Naples seeks heating fuel savings

By Dawn De Busk

Staff Writer

NAPLES – As it stands, the Town of Naples has had no problem getting heating fuel from its providers. After all, the town is a long-standing customer and pays its bills on time. Because the town-owned buildings are on the regular customer list there have been no worries about tanks running low.

However, as part of its budgetary housekeeping, the town will attempt to consolidate its fuel suppliers and see if it is possible to get a lower price.

Even at this late date in the winter, saving a few pennies to a dime on the per unit cost by agreeing to pay each fuel bill within 10 days will definitely make a difference, Naples Iterim Town Manager Mitch Berkowitz said.

It’s more likely that the town can get ahead of next winter’s heating fuel prices by lining up contracts in the early summer, Berkowitz said.

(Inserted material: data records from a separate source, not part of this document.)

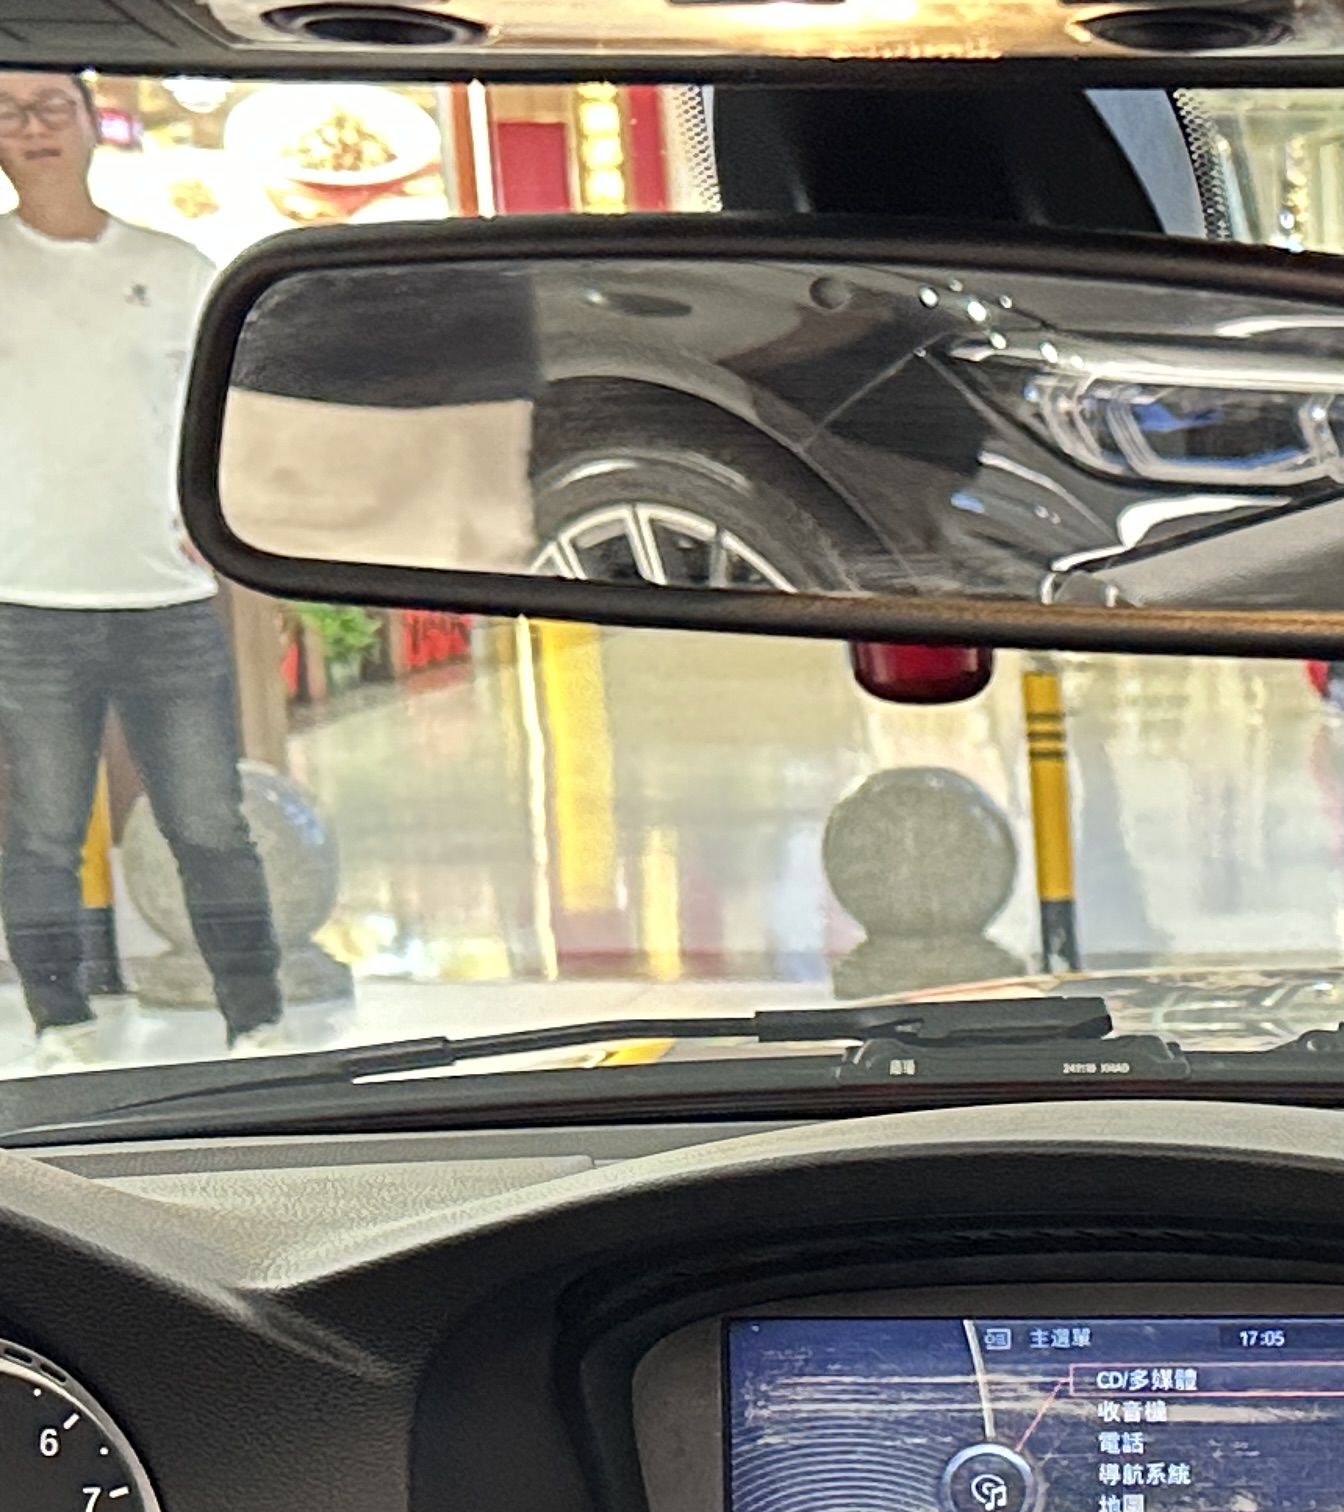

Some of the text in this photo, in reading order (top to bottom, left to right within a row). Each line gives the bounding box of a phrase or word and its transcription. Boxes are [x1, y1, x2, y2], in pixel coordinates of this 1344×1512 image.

[1029, 1328, 1092, 1348] 主選單
[1238, 1330, 1285, 1347] 17:05
[1096, 1368, 1198, 1391] CD/多媒體
[1098, 1400, 1168, 1422] 收音機
[40, 1428, 59, 1457] 6
[1098, 1431, 1145, 1454] 電話
[1098, 1462, 1192, 1486] 導航系統

The Naples Board of Selectmen gave the Interim Town Manager the authority to contact fuel suppliers and see if a money-saving arrangement is doable this winter. “We are giving you the direction to get the best price for the town and consolidiating the buildings (heating-fuel suppliers) as well,” Chairman Jim Grattelo said prior to the board’s nod of approval.

The timing is spot on.

Today (Thursday) is the first meeting of the Naples Budget Committee, during which time it will review and prepare the 2018-19 budget. The budget committee meets today, starting at 5 p.m. at the Naples Town Hall. What better time than the present to plug in some numbers for the upcoming year’s heating-fuel costs. And, it is already being done.

Berkowitz brought up the current status of the town’s heating arrangements during a recent selectmen’s meeting.

The issue was that the town’s heating-fuel contracts have not been revised or re-negotatiated for years, he told the board. Another sitation that could be improved upon is that various companies service different town-owned buildings.

Berkowitz updated the board on what staff has been doing to improve its heating costs — now and in the future.

“We are contacting the different companies in Naples to determine who has the best price. Ten days payment is the same as cash,” Berkowitz said, adding the town was in a position “to make sure it is paid within 10 days so we get best possible price.”

Paying for the fuel within 10 days of delivery is treated the same as cash payments — an offer that will give the town some leverage to get a lower price.

“For this season, the town will continue working with some of the same vendors,” Berkowitz said during a phone interview this week.

“It is not the best time of year to make a change. We will do something for the balance of the year, June or July of this calendar year,” Berkowitz said.

Well before next winter, the town will also look into consolidating their suppliers — something selectmen said they would like done, he said.

The town will not officially put a heating-fuel contract out to bid, but take a “hybrid approach” to the bid process.

“We’ll identify the companies, send it out as a written package,” he said.

“We may very well find some of them saying, ‘We don’t have the time. We don’t have the resources.’ Some may say, ‘We could shave off a couple pennies as long as the bill is paid within 10 days,’” he said.

The Town of Naples maintains heat for several buildings including the Town Office, the old town hall, The Naples Museum, which includes the informational center, the Naples Fire Station, and the “public works garage” on Route 11.

Therefore, it uses a combination of fuel types: kerosene, No. 2 heating oil, and propane.

Generally, the bid letter would state “the demand of the town is: XX number of gallons of the following…,” Berkowitz said.

“By doing it in June or July, we are already knowing that is what is going to be used,” he said.

During the meeting on Jan. 8, Selectman Bob Caron II commented on a gap between prices from different companies. He asked about the prospects of locking into a better price.

Berkowitz provided his advice for the upcoming town budget.

“As your interim, I would put out (a solicitation for a better price) in written form. Whatever the price is delivered, 10 days payment same as cash, lock it in. The new town manager should plan to do this in August at the latest.”

Caron said, “We cannot lock in this late in the year.”

Yes, Berkowitz said, “We ‘ve missed it.”

Caron continued, “And, we are paying the piper.”

Berkowitz said he could ask companies if they are willing to lock in at a better price for the remainder of the winter.

“This has not been bid out for a while from what I understand,” he said.

Chairman Grattelo asked for someone to explain the reasoning behind using different suppliers for various town buildings. This was not explained, except that some time had lapsed since the agreements with fuel suppliers had been examined.

Since this summer and autumn, the Naples selectmen have been putting the contracts out to bid for several town services, including the town attorney and the assessor. As with the fuel prices, the motive that was stated is to see where savings can be found.